Task description
Take the listing below and output it again exactly.
*** Exercise data ***
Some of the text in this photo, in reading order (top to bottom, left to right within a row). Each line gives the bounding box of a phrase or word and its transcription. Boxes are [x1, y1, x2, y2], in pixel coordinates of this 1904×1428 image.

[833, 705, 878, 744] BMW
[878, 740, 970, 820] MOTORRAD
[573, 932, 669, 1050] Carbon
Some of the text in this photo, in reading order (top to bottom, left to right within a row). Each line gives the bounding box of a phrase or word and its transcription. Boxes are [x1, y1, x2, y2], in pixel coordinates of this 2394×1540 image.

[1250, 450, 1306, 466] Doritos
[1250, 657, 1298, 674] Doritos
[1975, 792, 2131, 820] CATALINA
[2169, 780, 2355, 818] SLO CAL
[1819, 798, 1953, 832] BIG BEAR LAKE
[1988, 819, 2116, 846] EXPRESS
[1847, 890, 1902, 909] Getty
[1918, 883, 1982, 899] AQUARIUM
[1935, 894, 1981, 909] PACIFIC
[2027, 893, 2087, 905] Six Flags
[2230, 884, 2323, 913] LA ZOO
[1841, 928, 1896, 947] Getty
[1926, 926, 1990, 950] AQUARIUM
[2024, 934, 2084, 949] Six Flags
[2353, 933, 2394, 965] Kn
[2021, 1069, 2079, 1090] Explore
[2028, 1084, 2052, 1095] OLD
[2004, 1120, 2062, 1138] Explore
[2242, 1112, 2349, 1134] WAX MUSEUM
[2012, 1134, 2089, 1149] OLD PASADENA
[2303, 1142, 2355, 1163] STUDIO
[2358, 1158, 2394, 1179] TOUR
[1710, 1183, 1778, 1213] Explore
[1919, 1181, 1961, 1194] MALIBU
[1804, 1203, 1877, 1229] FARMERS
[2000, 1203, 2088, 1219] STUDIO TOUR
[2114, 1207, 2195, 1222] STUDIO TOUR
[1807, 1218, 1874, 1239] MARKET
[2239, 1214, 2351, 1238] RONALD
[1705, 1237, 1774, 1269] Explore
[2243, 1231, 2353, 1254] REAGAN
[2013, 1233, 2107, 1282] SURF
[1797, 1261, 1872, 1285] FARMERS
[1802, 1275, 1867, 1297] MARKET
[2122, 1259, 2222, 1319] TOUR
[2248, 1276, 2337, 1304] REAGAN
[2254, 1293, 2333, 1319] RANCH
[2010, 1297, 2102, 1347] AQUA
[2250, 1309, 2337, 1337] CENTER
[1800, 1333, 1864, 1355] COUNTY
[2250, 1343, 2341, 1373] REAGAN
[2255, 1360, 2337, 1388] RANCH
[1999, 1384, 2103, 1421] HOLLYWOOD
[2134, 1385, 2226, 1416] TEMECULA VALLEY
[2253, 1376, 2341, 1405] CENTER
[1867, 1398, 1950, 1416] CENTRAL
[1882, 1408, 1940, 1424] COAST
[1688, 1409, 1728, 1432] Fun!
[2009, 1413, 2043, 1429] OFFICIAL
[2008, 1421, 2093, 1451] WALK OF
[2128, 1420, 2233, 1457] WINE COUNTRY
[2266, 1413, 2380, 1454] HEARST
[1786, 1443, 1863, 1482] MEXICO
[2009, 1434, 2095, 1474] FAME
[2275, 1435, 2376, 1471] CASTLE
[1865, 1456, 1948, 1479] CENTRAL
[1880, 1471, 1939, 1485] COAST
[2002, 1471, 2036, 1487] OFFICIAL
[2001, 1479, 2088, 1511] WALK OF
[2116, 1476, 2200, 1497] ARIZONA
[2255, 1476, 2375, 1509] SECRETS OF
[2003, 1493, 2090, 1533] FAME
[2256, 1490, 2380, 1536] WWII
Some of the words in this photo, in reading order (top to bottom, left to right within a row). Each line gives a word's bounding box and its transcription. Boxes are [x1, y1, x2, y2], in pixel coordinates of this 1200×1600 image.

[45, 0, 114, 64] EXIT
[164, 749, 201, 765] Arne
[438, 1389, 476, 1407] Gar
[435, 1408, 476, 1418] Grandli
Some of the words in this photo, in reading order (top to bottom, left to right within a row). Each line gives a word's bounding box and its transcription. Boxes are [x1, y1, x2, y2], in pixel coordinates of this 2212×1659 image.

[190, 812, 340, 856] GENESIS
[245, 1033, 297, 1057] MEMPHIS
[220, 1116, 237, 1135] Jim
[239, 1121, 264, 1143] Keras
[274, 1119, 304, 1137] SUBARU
*** End of Exercise data ***
The answer
Some of the text in this photo, in reading order (top to bottom, left to right within a row). Each line gives the bounding box of a phrase or word and its transcription. Boxes are [x1, y1, x2, y2], in pixel coordinates of this 1904×1428 image.

[833, 705, 878, 744] BMW
[878, 740, 970, 820] MOTORRAD
[573, 932, 669, 1050] Carbon
Some of the text in this photo, in reading order (top to bottom, left to right within a row). Each line gives the bounding box of a phrase or word and its transcription. Boxes are [x1, y1, x2, y2], in pixel coordinates of this 2394×1540 image.

[1250, 450, 1306, 466] Doritos
[1250, 657, 1298, 674] Doritos
[1975, 792, 2131, 820] CATALINA
[2169, 780, 2355, 818] SLO CAL
[1819, 798, 1953, 832] BIG BEAR LAKE
[1988, 819, 2116, 846] EXPRESS
[1847, 890, 1902, 909] Getty
[1918, 883, 1982, 899] AQUARIUM
[1935, 894, 1981, 909] PACIFIC
[2027, 893, 2087, 905] Six Flags
[2230, 884, 2323, 913] LA ZOO
[1841, 928, 1896, 947] Getty
[1926, 926, 1990, 950] AQUARIUM
[2024, 934, 2084, 949] Six Flags
[2353, 933, 2394, 965] Kn
[2021, 1069, 2079, 1090] Explore
[2028, 1084, 2052, 1095] OLD
[2004, 1120, 2062, 1138] Explore
[2242, 1112, 2349, 1134] WAX MUSEUM
[2012, 1134, 2089, 1149] OLD PASADENA
[2303, 1142, 2355, 1163] STUDIO
[2358, 1158, 2394, 1179] TOUR
[1710, 1183, 1778, 1213] Explore
[1919, 1181, 1961, 1194] MALIBU
[1804, 1203, 1877, 1229] FARMERS
[2000, 1203, 2088, 1219] STUDIO TOUR
[2114, 1207, 2195, 1222] STUDIO TOUR
[1807, 1218, 1874, 1239] MARKET
[2239, 1214, 2351, 1238] RONALD
[1705, 1237, 1774, 1269] Explore
[2243, 1231, 2353, 1254] REAGAN
[2013, 1233, 2107, 1282] SURF
[1797, 1261, 1872, 1285] FARMERS
[1802, 1275, 1867, 1297] MARKET
[2122, 1259, 2222, 1319] TOUR
[2248, 1276, 2337, 1304] REAGAN
[2254, 1293, 2333, 1319] RANCH
[2010, 1297, 2102, 1347] AQUA
[2250, 1309, 2337, 1337] CENTER
[1800, 1333, 1864, 1355] COUNTY
[2250, 1343, 2341, 1373] REAGAN
[2255, 1360, 2337, 1388] RANCH
[1999, 1384, 2103, 1421] HOLLYWOOD
[2134, 1385, 2226, 1416] TEMECULA VALLEY
[2253, 1376, 2341, 1405] CENTER
[1867, 1398, 1950, 1416] CENTRAL
[1882, 1408, 1940, 1424] COAST
[1688, 1409, 1728, 1432] Fun!
[2009, 1413, 2043, 1429] OFFICIAL
[2008, 1421, 2093, 1451] WALK OF
[2128, 1420, 2233, 1457] WINE COUNTRY
[2266, 1413, 2380, 1454] HEARST
[1786, 1443, 1863, 1482] MEXICO
[2009, 1434, 2095, 1474] FAME
[2275, 1435, 2376, 1471] CASTLE
[1865, 1456, 1948, 1479] CENTRAL
[1880, 1471, 1939, 1485] COAST
[2002, 1471, 2036, 1487] OFFICIAL
[2001, 1479, 2088, 1511] WALK OF
[2116, 1476, 2200, 1497] ARIZONA
[2255, 1476, 2375, 1509] SECRETS OF
[2003, 1493, 2090, 1533] FAME
[2256, 1490, 2380, 1536] WWII
Some of the words in this photo, in reading order (top to bottom, left to right within a row). Each line gives a word's bounding box and its transcription. Boxes are [x1, y1, x2, y2], in pixel coordinates of this 1200×1600 image.

[45, 0, 114, 64] EXIT
[164, 749, 201, 765] Arne
[438, 1389, 476, 1407] Gar
[435, 1408, 476, 1418] Grandli
Some of the words in this photo, in reading order (top to bottom, left to right within a row). Each line gives a word's bounding box and its transcription. Boxes are [x1, y1, x2, y2], in pixel coordinates of this 2212×1659 image.

[190, 812, 340, 856] GENESIS
[245, 1033, 297, 1057] MEMPHIS
[220, 1116, 237, 1135] Jim
[239, 1121, 264, 1143] Keras
[274, 1119, 304, 1137] SUBARU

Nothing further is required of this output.